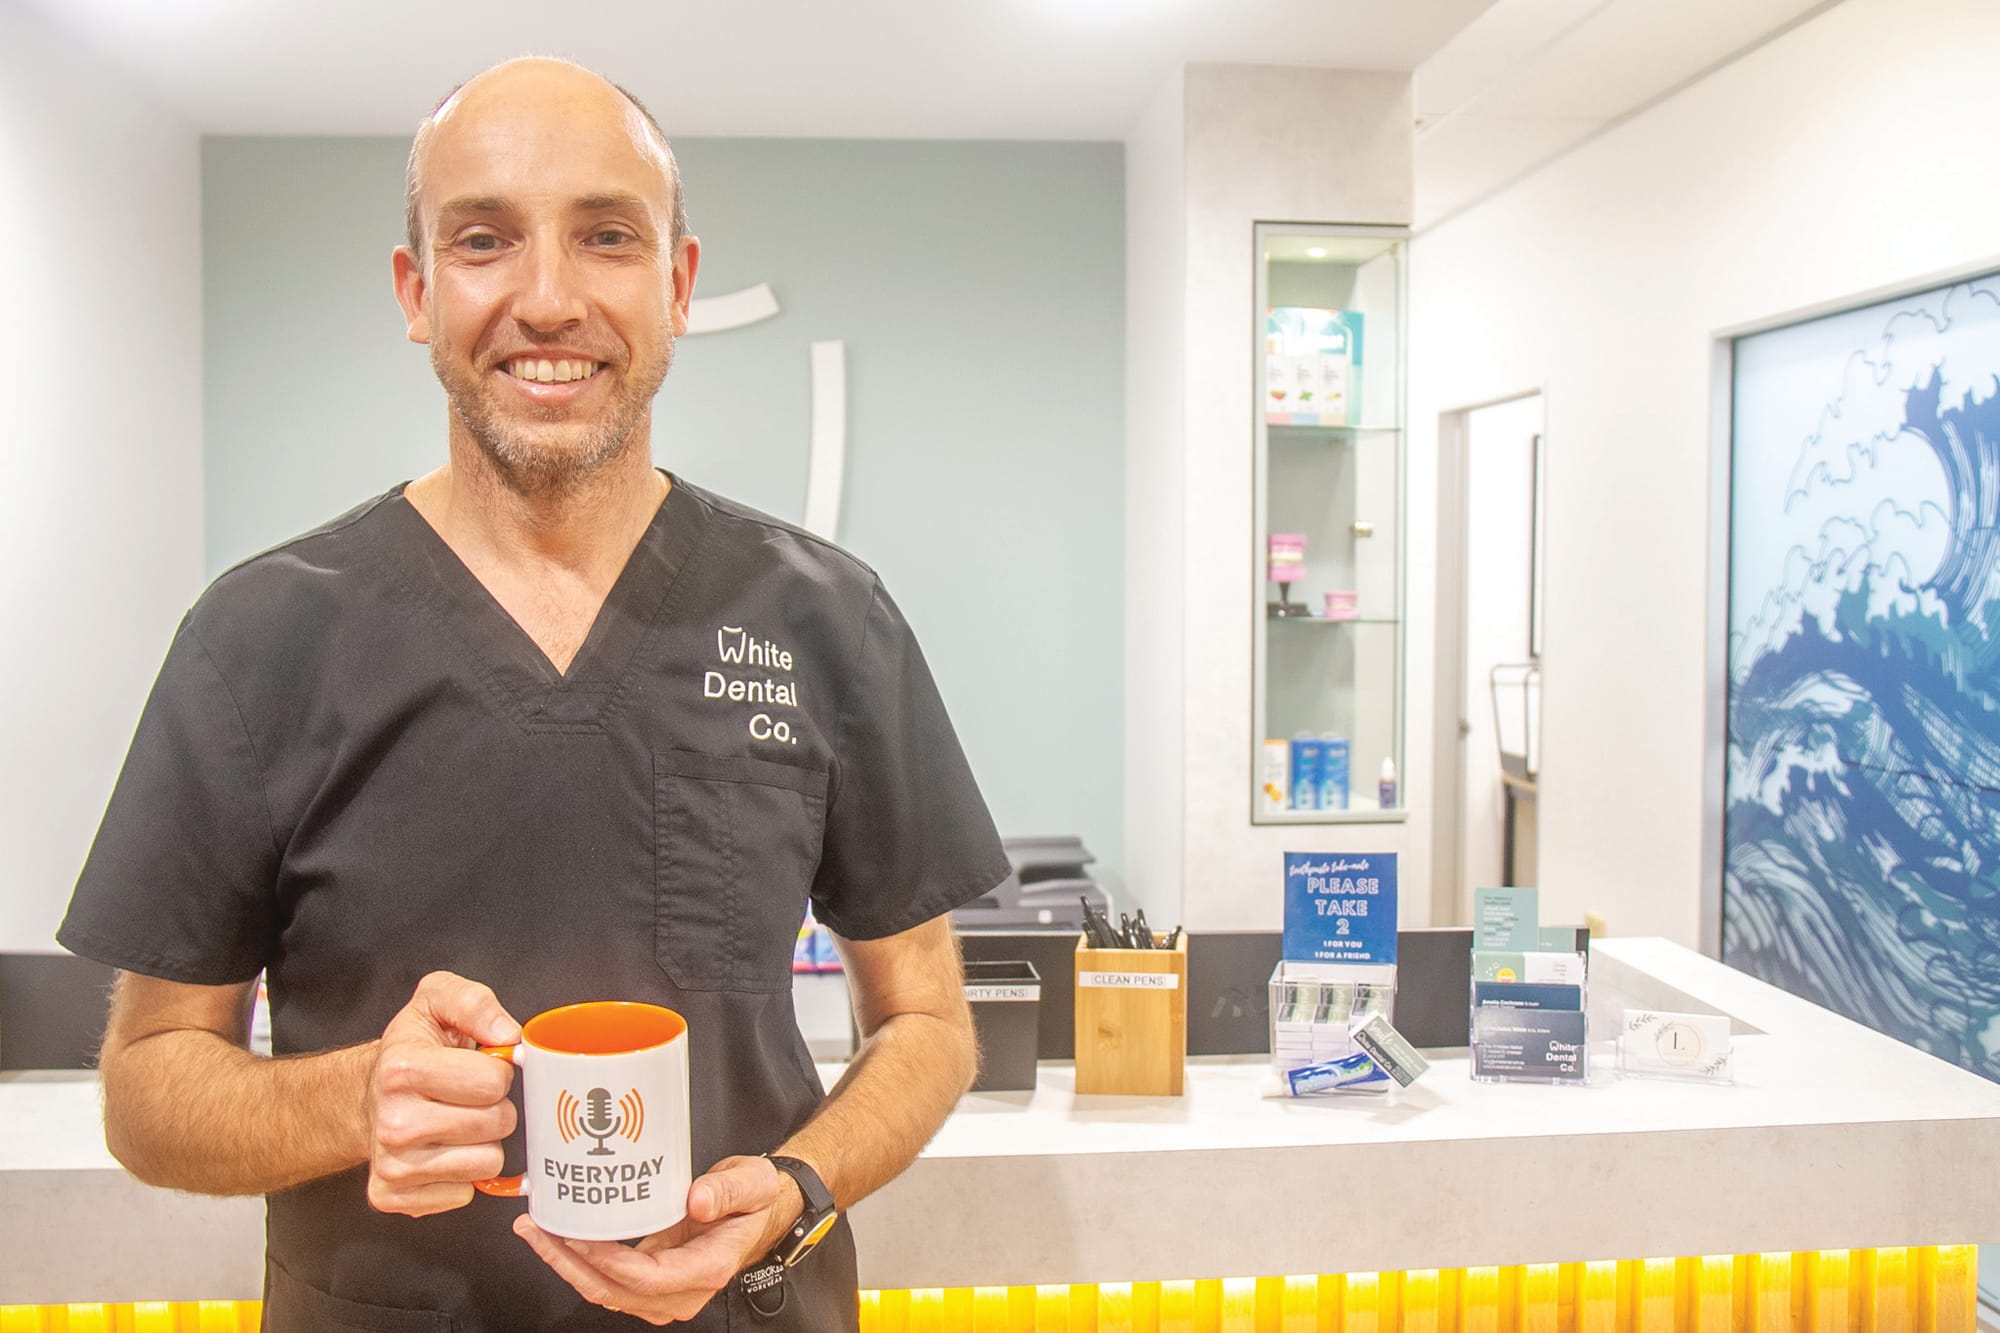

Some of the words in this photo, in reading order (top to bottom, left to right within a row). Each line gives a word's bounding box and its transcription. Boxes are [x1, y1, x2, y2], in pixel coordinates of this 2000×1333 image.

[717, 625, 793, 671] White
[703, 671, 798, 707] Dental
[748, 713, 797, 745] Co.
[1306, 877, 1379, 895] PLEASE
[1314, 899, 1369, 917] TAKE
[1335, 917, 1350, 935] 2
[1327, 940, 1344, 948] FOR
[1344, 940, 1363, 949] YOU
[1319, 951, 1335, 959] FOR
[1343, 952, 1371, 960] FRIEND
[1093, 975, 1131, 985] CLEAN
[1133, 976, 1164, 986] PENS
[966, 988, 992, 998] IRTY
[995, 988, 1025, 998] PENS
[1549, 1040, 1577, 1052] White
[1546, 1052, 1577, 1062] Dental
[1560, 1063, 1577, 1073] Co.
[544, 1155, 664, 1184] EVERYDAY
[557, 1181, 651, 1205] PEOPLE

——————————

What you need to do -> Write out the data above precisely. Pictures stay out.

Written reply ->
Some of the words in this photo, in reading order (top to bottom, left to right within a row). Each line gives a word's bounding box and its transcription. Boxes are [x1, y1, x2, y2], in pixel coordinates of this 2000×1333 image.

[717, 625, 793, 671] White
[703, 671, 798, 707] Dental
[748, 713, 797, 745] Co.
[1306, 877, 1379, 895] PLEASE
[1314, 899, 1369, 917] TAKE
[1335, 917, 1350, 935] 2
[1327, 940, 1344, 948] FOR
[1344, 940, 1363, 949] YOU
[1319, 951, 1335, 959] FOR
[1343, 952, 1371, 960] FRIEND
[1093, 975, 1131, 985] CLEAN
[1133, 976, 1164, 986] PENS
[966, 988, 992, 998] IRTY
[995, 988, 1025, 998] PENS
[1549, 1040, 1577, 1052] White
[1546, 1052, 1577, 1062] Dental
[1560, 1063, 1577, 1073] Co.
[544, 1155, 664, 1184] EVERYDAY
[557, 1181, 651, 1205] PEOPLE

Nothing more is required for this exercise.